January 19, 2015
As I wrote last month, I spent nearly five years using my Twitter account very privately — almost like a personal bookmark archive. And then I started using hashtags and discovered that complete strangers began to “follow” me. Curious, I began to experiment further. In the process, I’ve become a little wary of the culture of “building a twitter following”.
One of the next things I picked up after “use hashtags” (which still seems a useful practice to me) is that it is considered good Twitter practice to follow people who follow you. A kind of courtesy, if nothing else. I’d originally only followed friends or other people whose tweets I found really interesting. I began “returning the follows” of people whose tweets seemed at least mildly interesting. I noticed that a lot of these people had very large Twitter followings and that their “follower” numbers often roughly matched their “following” numbers. As the only way I chose new people to follow out of the blue was by having discovered them from reading some article or by having searched for a topic, I naively assumed they’d searched for hashtags I’d used and that my tweets were proving useful.
Except for the fact that many of these people had followings in the five figures or more. They could not possibly be reading the tweets of that many people.
There was even one person whose follow led me to what looked to be an elaborate network with a reputation management consultant at the center and a ring of probably robot followers (all of whom had pictures that looked like ladies of the night) who did nothing but retweet his tweets.
My next experiment involved what I discovered to be a much-touted practice of “Building a Twitter Following”: Follow/Unfollow. First you follow someone. You wait a little while to see if they follow you. If they don’t follow you, you unfollow them. Except that you don’t do it one by one. You go and mine the followings of other people whose feeds seem to be relevant to you and you follow a selection (all if you like) of their followers and follow them. Some might follow you back (that’s probably what I was politely doing before) and you keep them and, after a little while, unfollow the rest and repeat the procedure.
I tried this twice — first from the Twitter account of someone I don’t know whose feed/followers looked a bit like mine already. Some people followed me back. Then I tried it with the followers of a filmmaker friend of mine whose account doesn’t look like mine (even though still interesting, as I used to make films). This response was more interesting, as few of her followers followed me back but I found myself suddenly being followed by film people who were not her followers. Got it: I was being followed by people who were “Building their Twitter Followers”. People amassing followers via tactics.
And today, though I realize now I’ve seen this before without realizing what had happened, I was followed by someone whose interests on their Twitter feed have absolutely nothing to do with mine. In fact, the person (who tweets every few minutes) seems to have set up his Twitter account to sell crafts and jewelry. And he has retweeted several times tweets that say something like “I will give you 500 Twitter followers verified and active users, 100% real and verified for $35” (or $5 sometimes).
This begins to shed a strange light on the mystery of how and why people follow 10,000+ people and have 10,000+ followers.

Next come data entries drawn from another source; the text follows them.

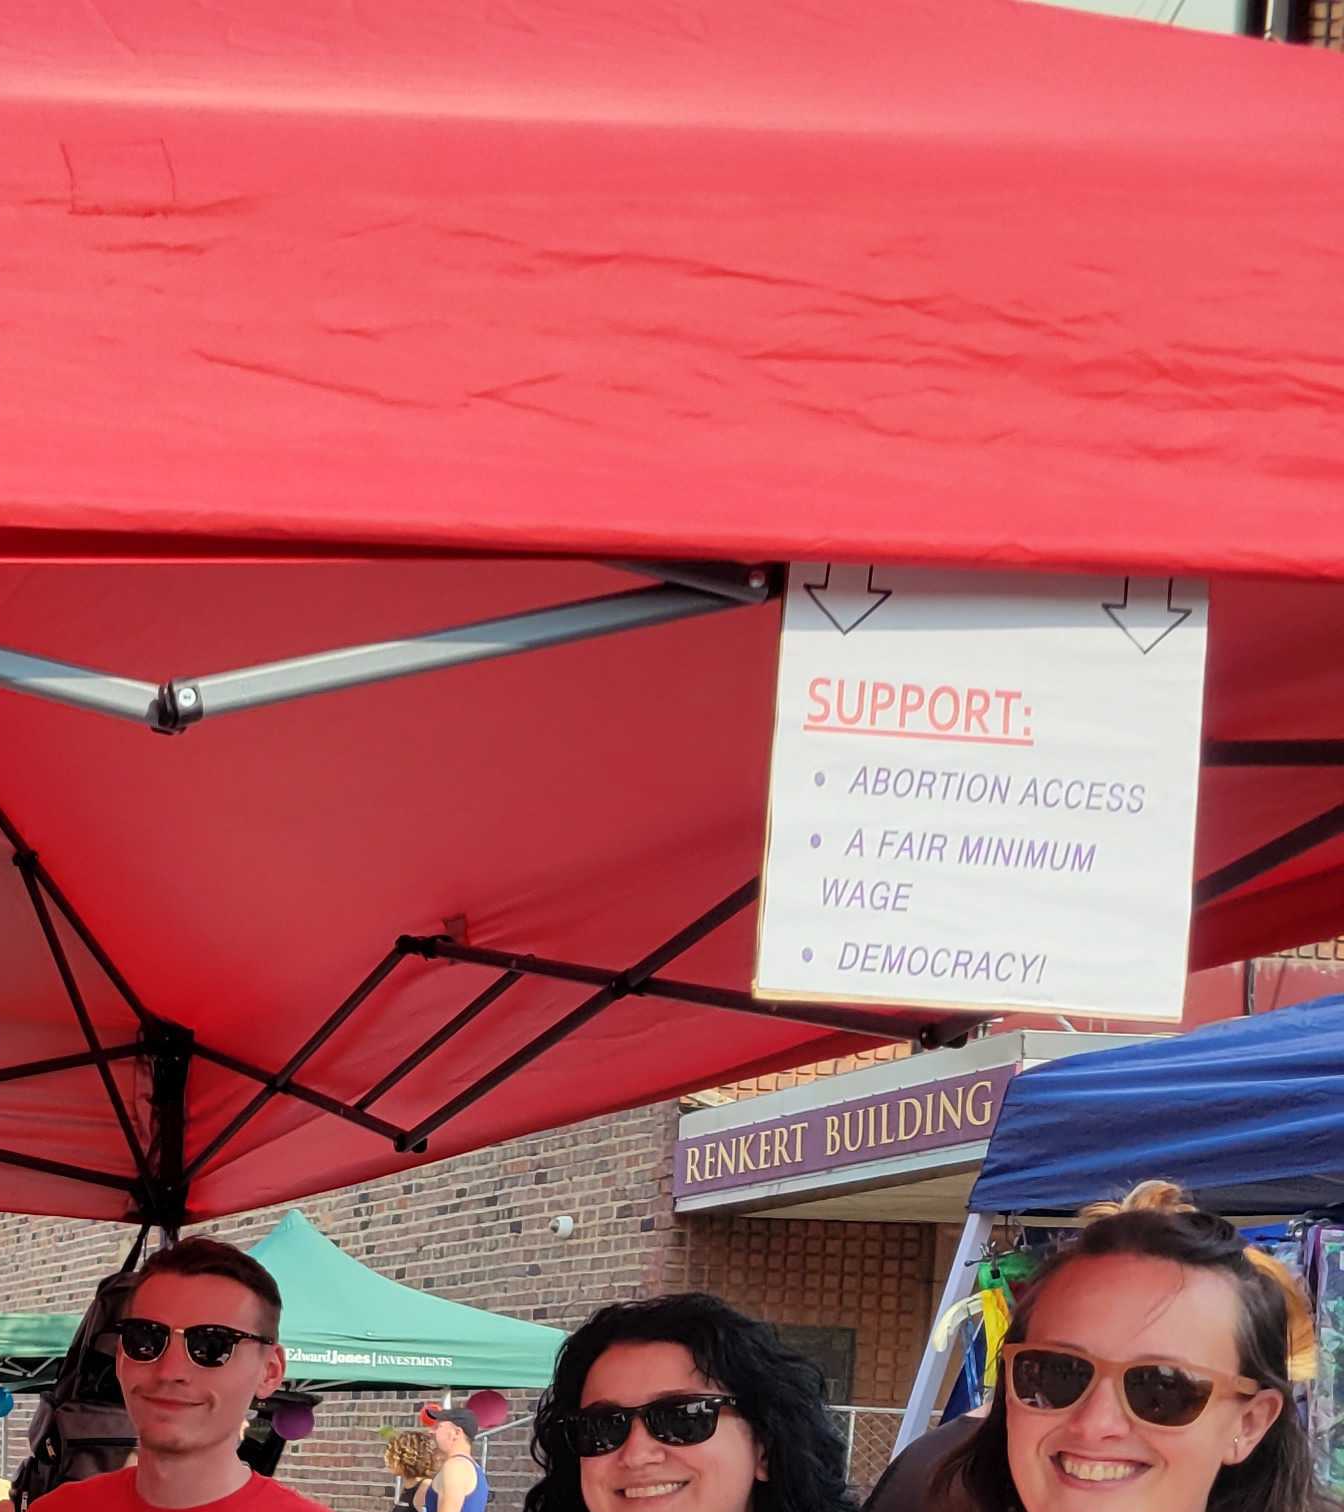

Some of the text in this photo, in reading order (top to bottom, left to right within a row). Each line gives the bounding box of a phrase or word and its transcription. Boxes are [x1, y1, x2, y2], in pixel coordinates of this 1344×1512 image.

[805, 677, 1034, 737] SUPPORT:
[848, 765, 1146, 813] ABORTION ACCESS
[844, 829, 1097, 873] A FAIR MINIMUM
[820, 877, 913, 913] WAGE
[837, 941, 1048, 985] DEMOCRACY!
[685, 1080, 994, 1184] RENKERT BUILDING
[376, 1354, 453, 1368] INVESTMENTS

But what does it actually mean? First it means you go to the next level and sort your followers into lists so you can ignore the tweets of almost all of them. Which then means there is an awful lof of activity on Twitter that is completely without heart or mind or soul.
I was talking with an old friend who is an amazing choreographer recently. I’m making him a website and it’s a painstakingly slow process because he is so completely interested in dance itself and so uninterested in self-promotion of any kind. Pulling teeth would be easier. But he was talking about how the field of contemporary dance has become so much less interesting than the really invigorating 1970s. And he said that it’s doomed to get worse because all the arts funders are interested in now is audience building.
And I thought, yes, that’s it. That’s an issue in the world of social media too. When we become more interested in having an audience than actually exploring, developing and sharing ideas — that’s the breeding ground of non-thinking. It’s like photocopying a photocopy endlessly. Eventually there’s nothing but a blur.